Rapamycin: The Most Studied Longevity Drug
Rapamycin (sirolimus) is an mTOR inhibitor licensed as an immunosuppressant for organ transplant patients. It is also the only drug shown to consistently extend lifespan in every model organism tested — mice, yeast, worms, flies. The effect size in mice is dramatic: 10–15% extension even when treatment starts late in life.
How It Works
Rapamycin inhibits mTORC1, a key nutrient-sensing pathway. By reducing mTORC1 activity, it mimics caloric restriction at the cellular level — triggering autophagy (cellular cleanup), reducing cellular senescence, and lowering the rate of age-related inflammation. These mechanisms are well-conserved across species.

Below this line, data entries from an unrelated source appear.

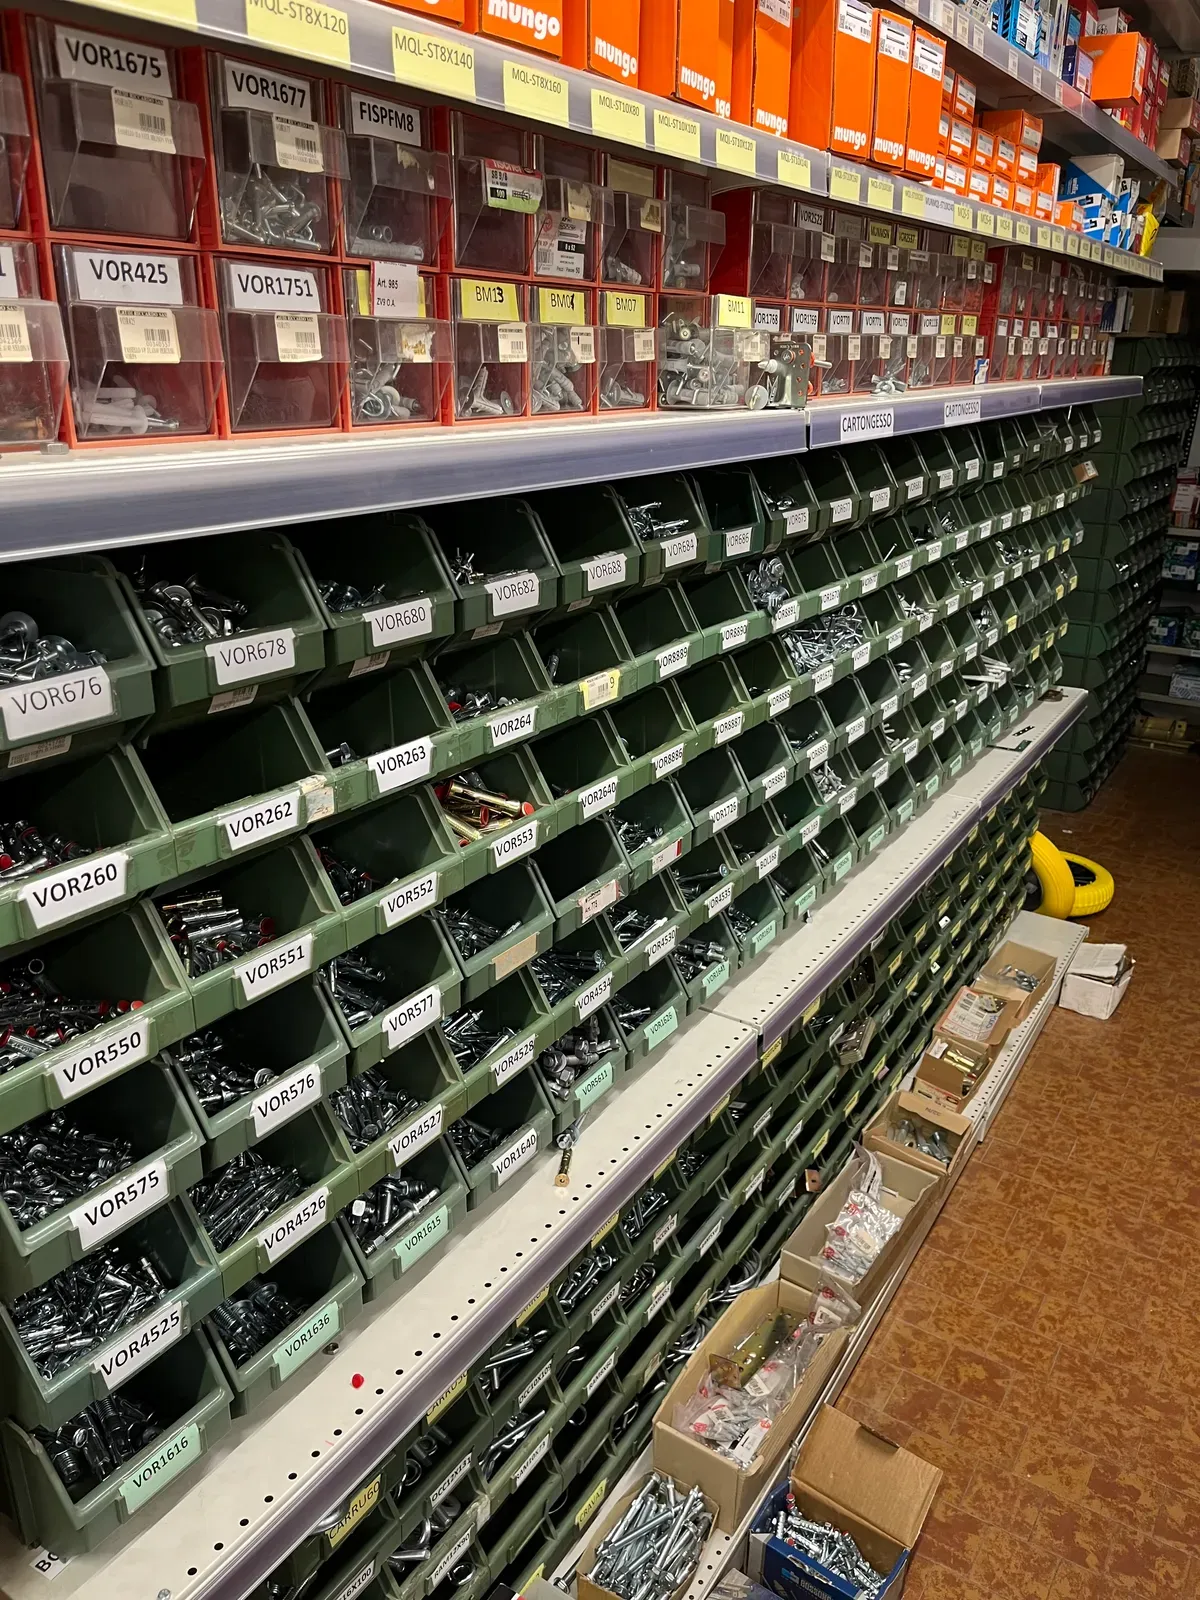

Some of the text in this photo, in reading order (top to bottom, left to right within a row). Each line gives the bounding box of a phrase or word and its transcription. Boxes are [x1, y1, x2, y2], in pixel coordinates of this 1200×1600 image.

[487, 0, 561, 40] mungo
[64, 37, 162, 79] VOR1675
[394, 33, 473, 70] MQL-ST8X140
[594, 36, 638, 78] mungo
[231, 70, 307, 109] VOR1677
[511, 67, 562, 94] MQL-ST8X160
[680, 66, 716, 101] mungo
[359, 101, 414, 133] FISPFM8
[598, 94, 640, 117] MQL-ST10X80
[756, 108, 788, 138] mungo
[834, 126, 868, 151] mungo
[874, 137, 905, 160] mungo
[907, 147, 936, 171] mungo
[88, 258, 169, 285] VOR425
[237, 272, 314, 298] VOR1751
[615, 297, 637, 312] BM07
[727, 299, 745, 314] BM11
[842, 413, 892, 433] CARTONGESSO
[945, 401, 980, 418] CARTONGESSO
[666, 538, 695, 558] VOR684
[725, 531, 750, 548] VOR686
[588, 559, 623, 581] VOR688
[494, 578, 537, 602] VOR682
[374, 606, 427, 633] VOR680
[219, 637, 287, 668] VOR678
[11, 676, 103, 716] VOR676
[493, 713, 533, 739] VOR264
[376, 745, 427, 776] VOR263
[580, 781, 617, 808] VOR2640
[229, 801, 293, 839] VOR262
[495, 827, 534, 857] VOR553
[32, 862, 118, 908] VOR260
[386, 878, 434, 913] VOR552
[648, 928, 676, 957] VOR4530
[245, 944, 306, 985] VOR551
[577, 976, 611, 1012] VOR4534
[388, 993, 435, 1032] VOR577
[62, 1031, 142, 1084] VOR550
[494, 1039, 536, 1078] VOR4528
[257, 1074, 315, 1119] VOR576
[392, 1110, 443, 1156] VOR4527
[495, 1134, 537, 1176] VOR1640
[84, 1169, 160, 1227] VOR575
[264, 1195, 327, 1251] VOR4526
[404, 1216, 442, 1253] VOR1615
[100, 1310, 181, 1379] VOR4525
[284, 1313, 331, 1358] VOR1636
[131, 1436, 190, 1489] VOR1616
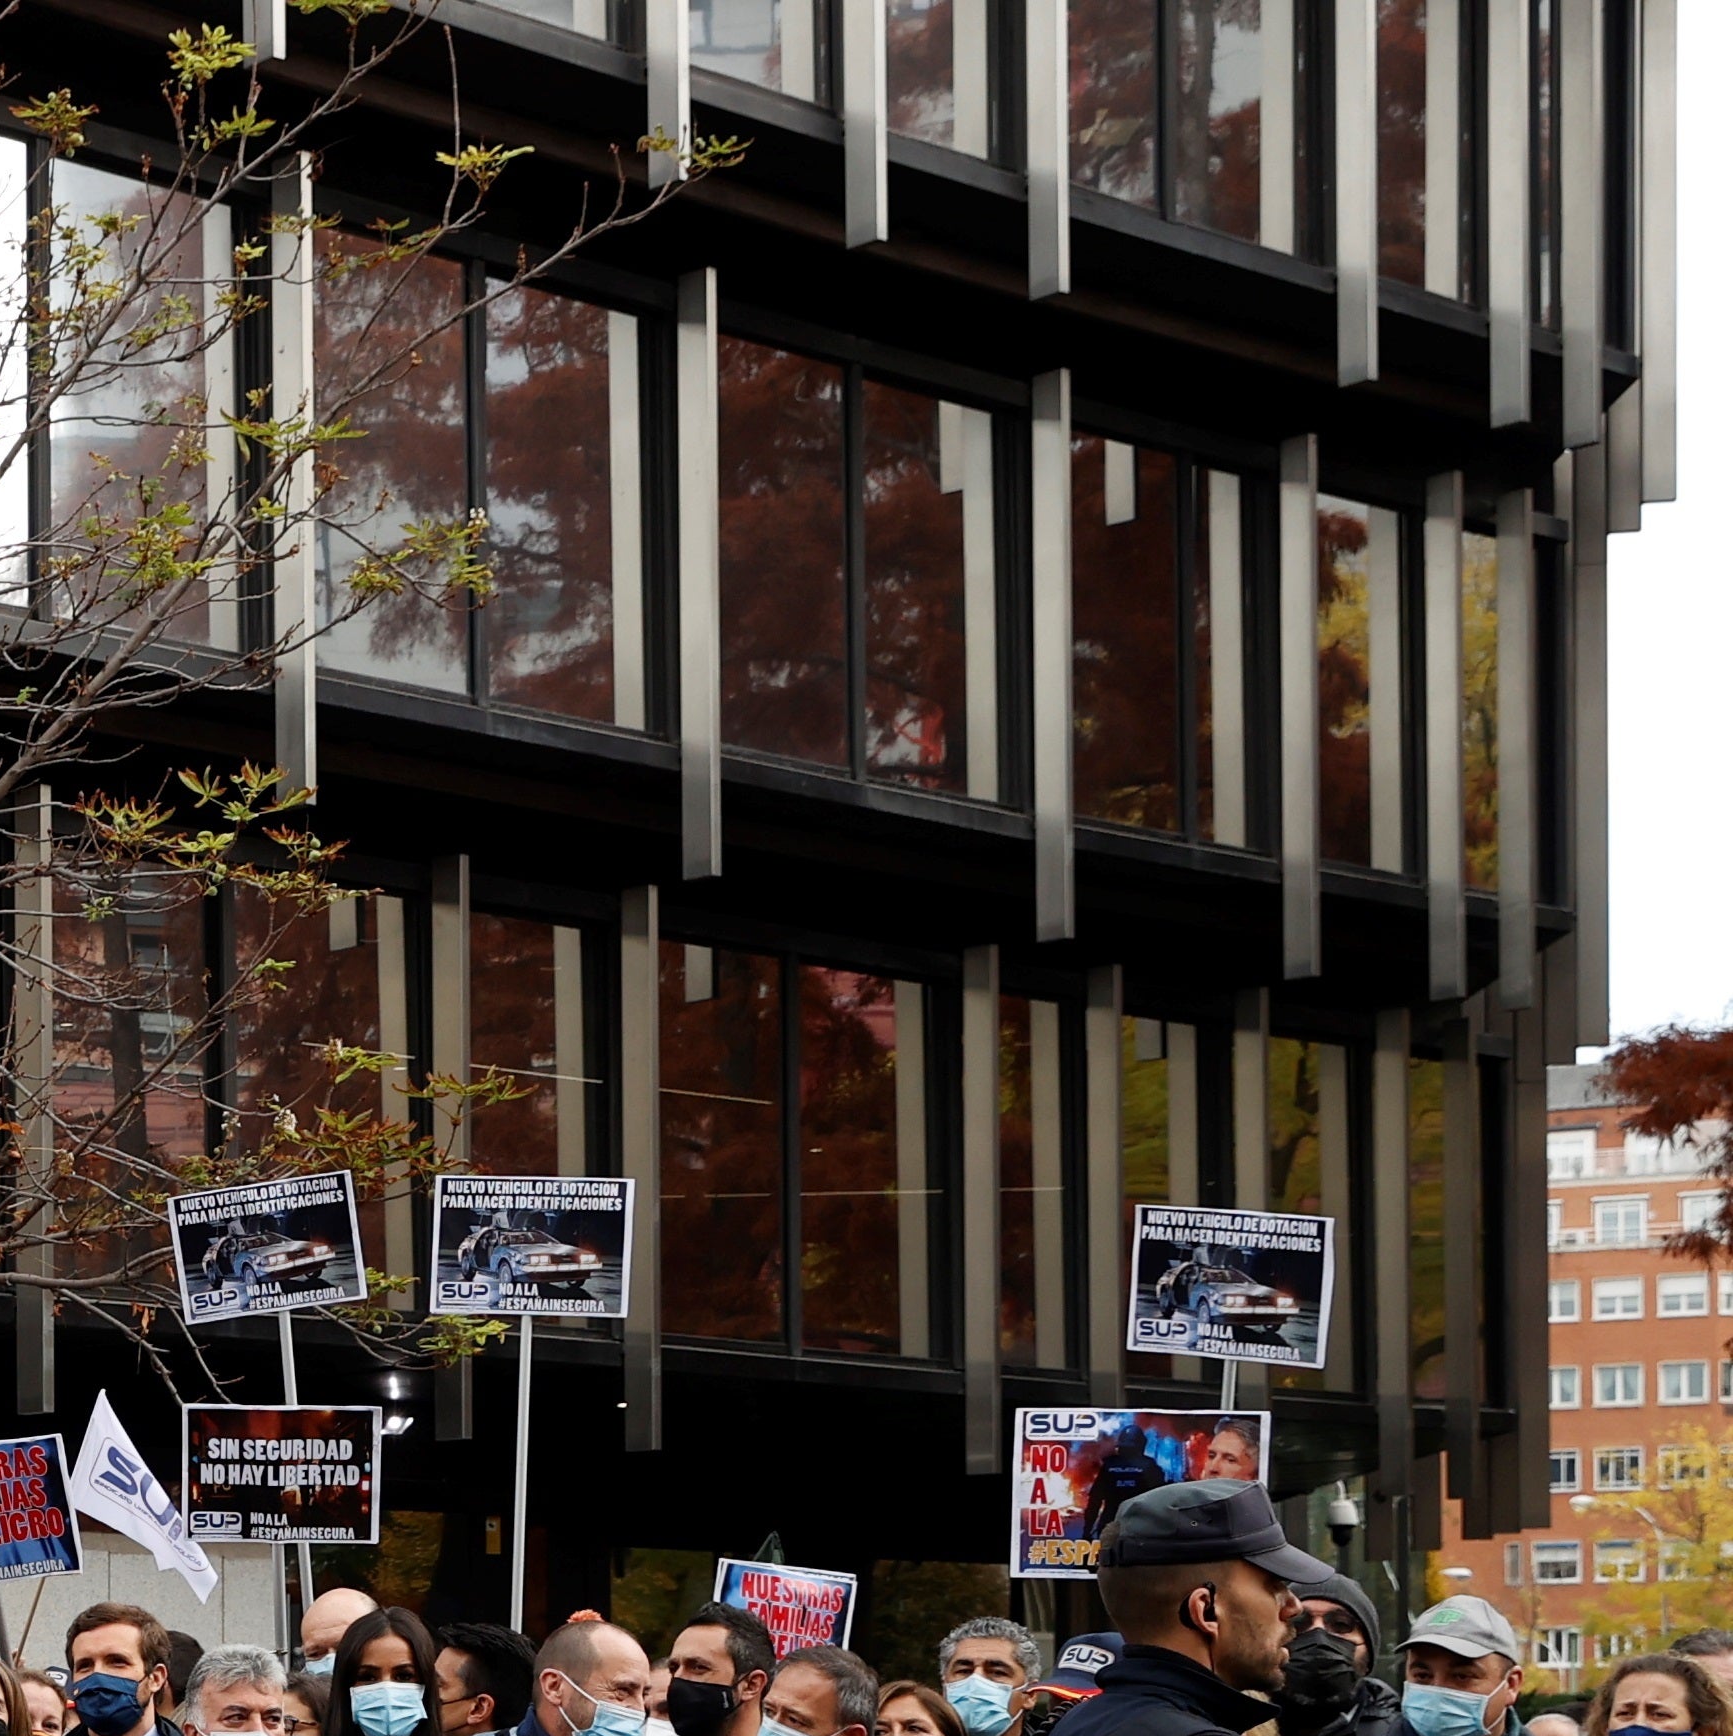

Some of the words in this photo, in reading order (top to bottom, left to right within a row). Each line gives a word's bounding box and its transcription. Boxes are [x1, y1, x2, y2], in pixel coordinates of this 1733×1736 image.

[180, 1195, 216, 1212] NUEVO
[269, 1185, 283, 1199] DE
[447, 1181, 485, 1194] NUEVO
[545, 1183, 562, 1195] DE
[177, 1210, 207, 1226] PARA
[208, 1205, 244, 1222] HACER
[245, 1190, 344, 1216] IDENTIFICACIONES
[442, 1196, 473, 1208] PARA
[475, 1196, 513, 1209] HACER
[515, 1197, 622, 1211] IDENTIFICACIONES
[1147, 1211, 1185, 1226] NUEVO
[1243, 1217, 1258, 1232] DE
[1142, 1226, 1173, 1241] PARA
[1175, 1228, 1213, 1244] HACER
[1215, 1231, 1322, 1252] IDENTIFICACIONES
[193, 1290, 237, 1309] SUP
[442, 1284, 488, 1298] SUP
[1140, 1321, 1186, 1337] SUP
[1030, 1414, 1096, 1433] SUP
[208, 1438, 240, 1459] SIN
[243, 1439, 352, 1460] SEGURIDAD
[1029, 1444, 1067, 1472] NO
[201, 1464, 225, 1484] NO
[228, 1464, 264, 1485] HAY
[267, 1465, 360, 1486] LIBERTAD
[1029, 1477, 1048, 1504] A
[193, 1514, 240, 1528] SUP
[1029, 1509, 1065, 1537] LA
[741, 1572, 845, 1613] NUESTRAS
[1064, 1648, 1109, 1664] SUP

Is Anyone Actually Taking It?
Yes. A small but growing cohort of longevity-focused physicians (particularly in the US) prescribe low-dose intermittent rapamycin off-label — typically 3–6mg once weekly, which avoids the immunosuppressive effects of the higher continuous doses used in transplant medicine. UK prescribing is very limited; most interested patients access it via specialist longevity clinics abroad or with the support of private GPs willing to monitor biomarkers.
Risks and Unknowns
Potential concerns include impaired wound healing, increased infection susceptibility at higher doses, and metabolic effects (glucose and lipid changes). The intermittent dosing used for longevity appears to reduce these risks significantly, but long-term human data is lacking. This is not a supplement you take without medical supervision.
⚕️ Rapamycin requires a prescription in the UK. Do not attempt to self-medicate. Discuss with a private GP or specialist if you’re interested in monitored off-label use.